Ich tat es, rieb mir die Augen, befühlte meinen Hinterkopf.

„Ich habe die Pistolenmündung in eine Ecke gedrückt, mein Alter. Beim zweiten Schuß splitterte das Brett los. Und die achtzehn Schüsse unserer beiden Waffen genügten leidlich. Aber – es half noch ein dritter – mit einer Eisenstange. Ich habe ihn nicht zu Gesicht bekommen. Als ich Dich durch das Loch gezerrt und die Strömung uns mit fortgezerrt hatte, als ich auftauchte, da war der Dritte schon verschwunden. Es kann nur Saalborg gewesen sein. Ich denke, das verschleierte Weib war es. – Und Thuma – das war einer von der Gegenpartei!“

„Du meinst, einer der Familie Mohammed ben Gondar?“

„Möglich. Es kann aber auch einer der zweiten Gegenpartei gewesen sein.“

„Der zweiten?“

„Ja,“ flüsterte Harald. „Der zweiten! Nämlich einer, den A ausgeschickt hatte – der Wettgegner des Ehepaares Dreabram! – Überlege Dir: es ist in Allahabad bereits bekannt geworden, daß wir hier eingetroffen sind. Arnwyll kam „aus Vorsicht“ so spät abends. Er gab durch Schweigen zu, daß er fürchtete, beobachtet zu werden. Er muß also schon gemerkt haben, daß man ihn überwachte. Ich habe absichtlich nicht weiter danach gefragt. Ich sagte mir: Er hat über Chappings Person Erkundigungen eingezogen. Das kann A, der noch Unbekannte, irgendwie entdeckt haben. Und A hat ein sehr, sehr schlechtes Gewissen. Mithin wird A gefürchtet haben, Arnwyll könnte sich an uns Chappings wegen wenden.“

„Ich verstehe. Allerdings, hiernach kann Thuma ein Genosse A’s gewesen sein.“

„Ja – und als ich Dir vorhin zuraunte, still zu liegen, da standen dort oben auf der Brücke zwei Männer und beugten sich über das Geländer, um nach dem Fischkasten auszuspähen. Einer der Leute war Thuma; der andere trug einen Korkhelm, war ein Europäer und rauchte eine Zigarre. Von seinem Gesicht sah ich nur so viel, als er ein Streichholz an die Zigarre hielt, daß es fast bartlos war. Jetzt sind die beiden verschwunden. – Kehren wir nach Hause zurück, mein Alter, und zwar schleunigst. Du hast Dich jetzt ja genügend erholt.“

Wir schlichen bis an die Mauer und kletterten hinüber, suchten dann die Pforte, durch die Thuma uns eingelassen hatte, und Harst machte neben ihr in dem Anstrich der Mauer mit einem Stein ein Zeichen.

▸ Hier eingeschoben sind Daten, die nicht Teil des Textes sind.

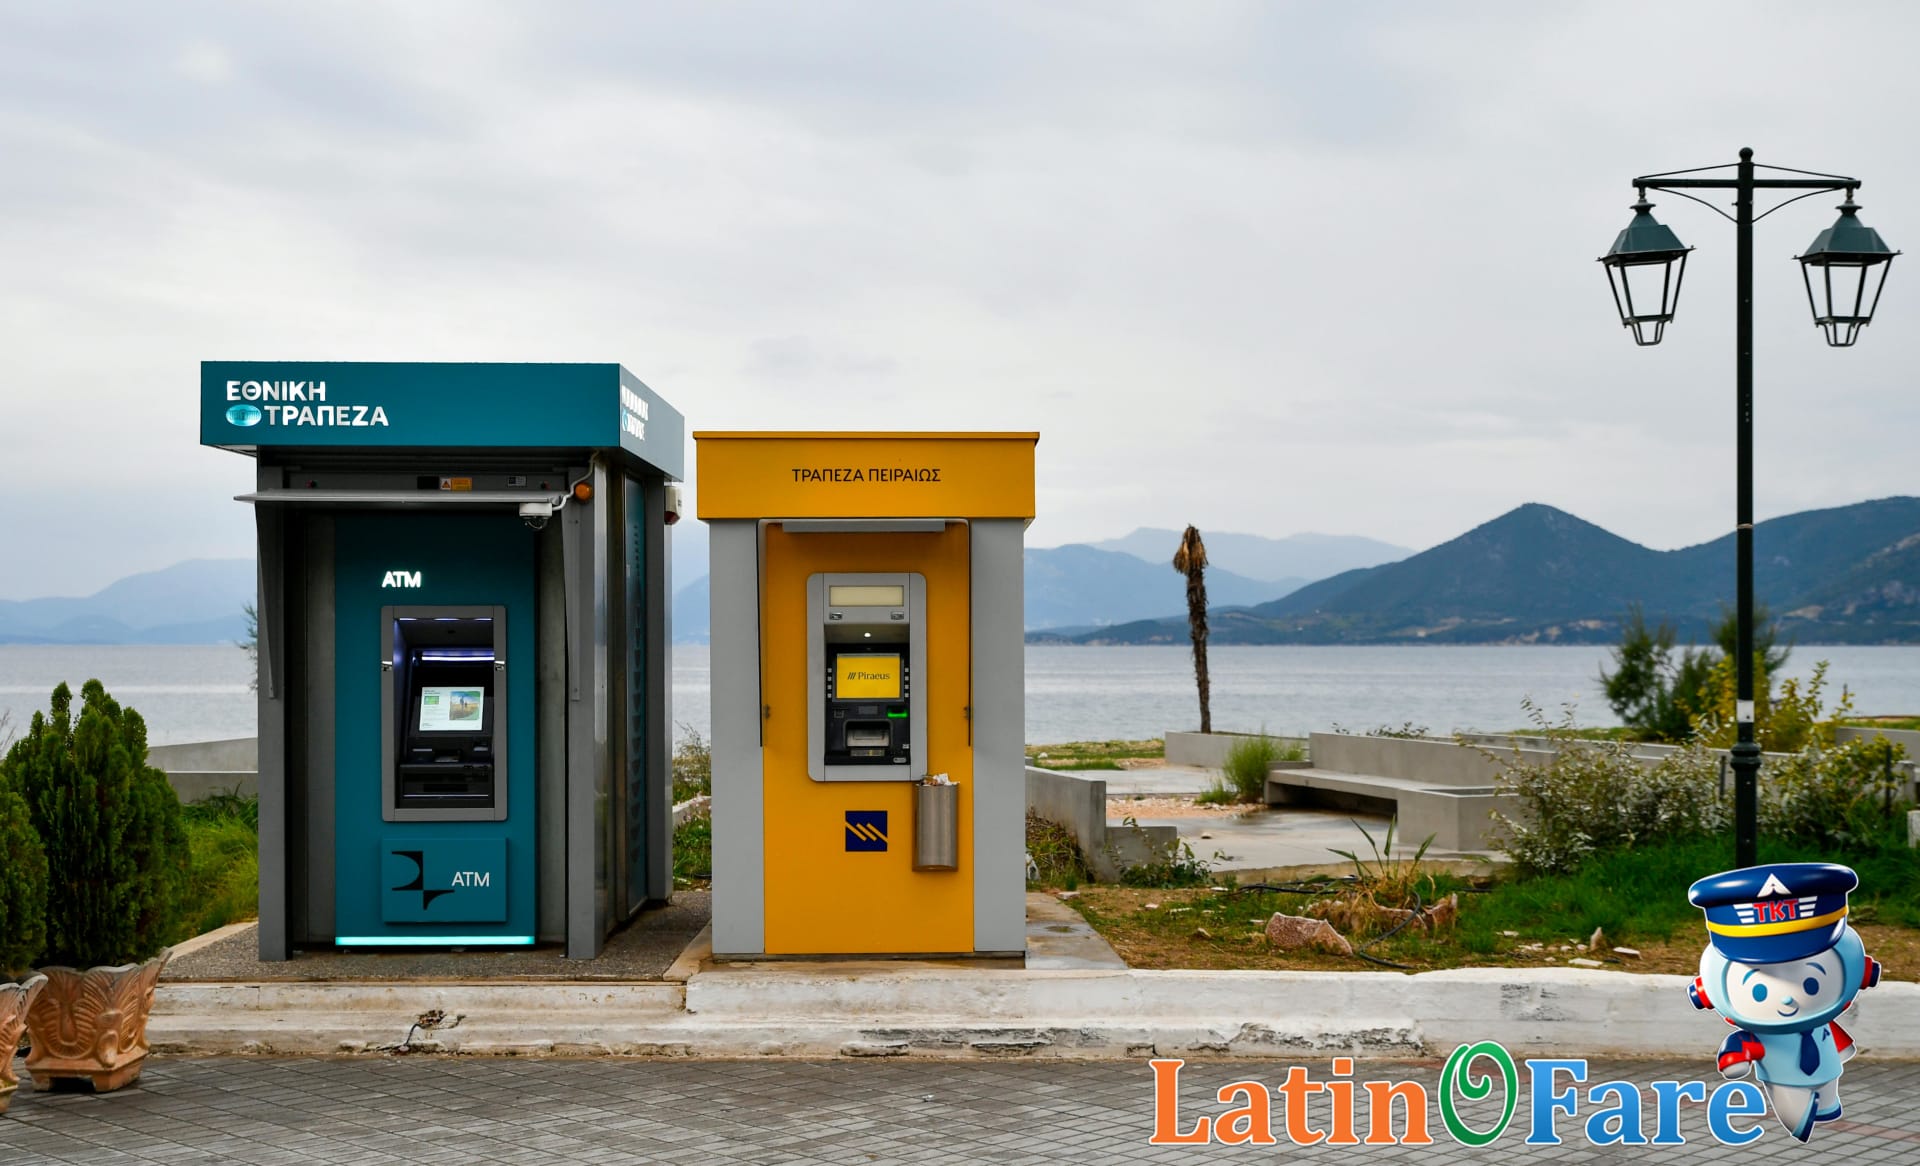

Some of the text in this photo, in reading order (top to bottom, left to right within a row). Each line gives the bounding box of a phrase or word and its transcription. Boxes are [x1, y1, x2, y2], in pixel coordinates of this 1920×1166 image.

Wir liefen dann in kurzem Trab zur Hauptstraße zurück. Als wir unser Arbeitszimmer betreten hatten, riß Harald sofort die Schlafstubentür auf und rief:

„Hull!“

Keine Antwort. – Ich hatte die Petroleumlampe schon angezündet.

Wir gingen in Hulls Stube. Er lag auf seinem Bett – tot! Er hatte in der Herzgegend zwei Stiche.

Harald untersuchte die Leiche nur flüchtig, sagte dann:

„Der Tod ist vor kaum drei Minuten eingetreten. Wir sind um ein Geringes zu spät gekommen. Der Leuchter hat ein neues Opfer gefordert.“

Er schritt auf sein Bett in unserem Schlafzimmer zu, hob die Kopfpolster hoch: der Leuchter war gestohlen.

 

4. Kapitel.

Die fünf A’s.

Wir zogen uns trockene Kleider an. Harst war still und bedrückt. Ihm ging Hulls Tod sehr nahe.

Dann sagte er plötzlich: „Halt – die Schachtel mit dem Diamantkäfer hatte ich ja in der Schlüsseltasche!“

Er griff nach den nassen Beinkleidern.

„Die Schachtel ist ganz aufgeweicht. Da – und den Käfer habe ich platt gedrückt, als ich unter Wasser die Sprengschüsse abgab –“

Er hielt den funkelnden Käfer auf der flachen Hand unter die Lampe.

Dann beugte er den Kopf tiefer.

„Sieh Dir den Käfer an!“ flüsterte er in seltsamer Erregung. „Das Geheimnis des Leuchters ist enthüllt!“

Und ich beugte mich gleichfalls über seine Hand. Der Oberteil des Käfers hatte sich etwas von der Bauchseite gelöst und verschoben. In dem leeren Innern des daumengliedgroßen Tierchens schimmerte es weiß.

Harst hob den Oberteil völlig ab, faßte mit den Fingerspitzen zu und zog – ein Stückchen nasse Seide hervor – weißen Seidenstoff, der sich von selbst entfaltete.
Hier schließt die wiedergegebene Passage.